(EXERCISE OBJECTIVE):
Reproduce the data exactly and drop any pictures it holds.

(DATASET RECORDS):
══════

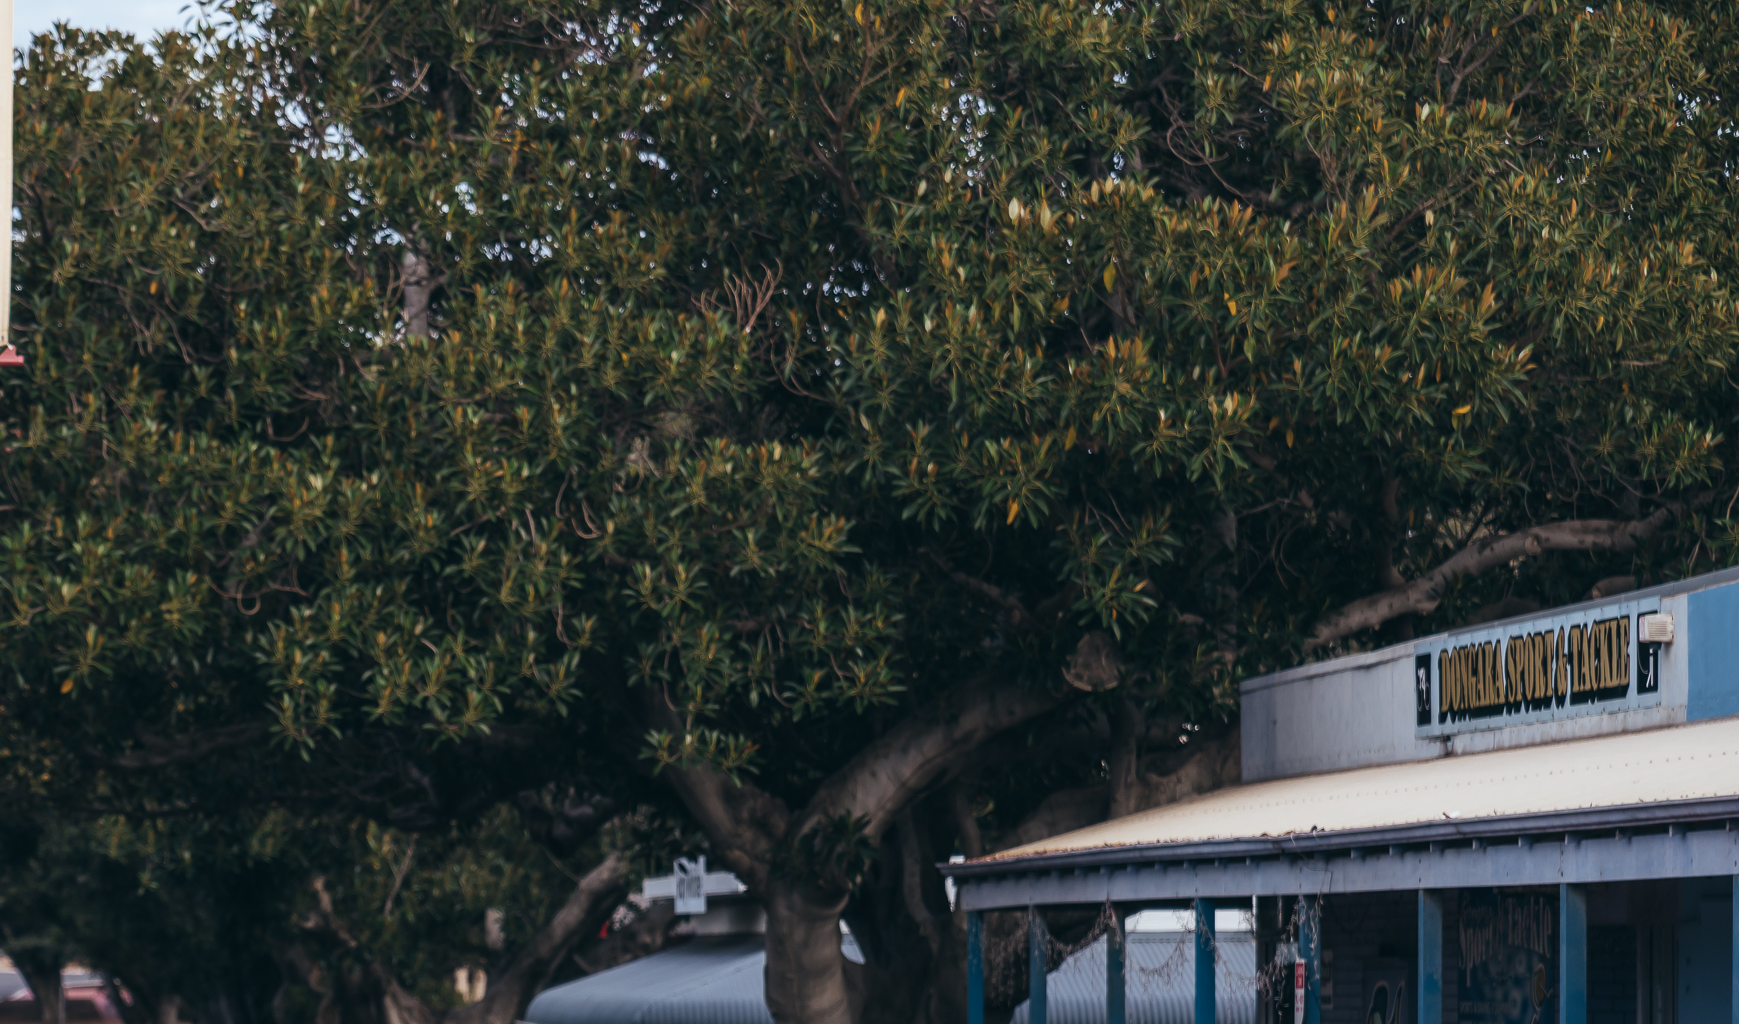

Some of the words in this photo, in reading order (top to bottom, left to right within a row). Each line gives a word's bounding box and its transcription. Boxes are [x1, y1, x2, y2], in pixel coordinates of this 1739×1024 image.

[1439, 640, 1506, 718] DONGARA
[1506, 630, 1555, 708] SPORT
[1556, 624, 1567, 703] &
[1568, 616, 1630, 700] TACKLE
[1506, 895, 1552, 959] Tackle

══════

(FINISHED EXERCISE):
Some of the words in this photo, in reading order (top to bottom, left to right within a row). Each line gives a word's bounding box and its transcription. Boxes are [x1, y1, x2, y2], in pixel coordinates of this 1739×1024 image.

[1439, 640, 1506, 718] DONGARA
[1506, 630, 1555, 708] SPORT
[1556, 624, 1567, 703] &
[1568, 616, 1630, 700] TACKLE
[1506, 895, 1552, 959] Tackle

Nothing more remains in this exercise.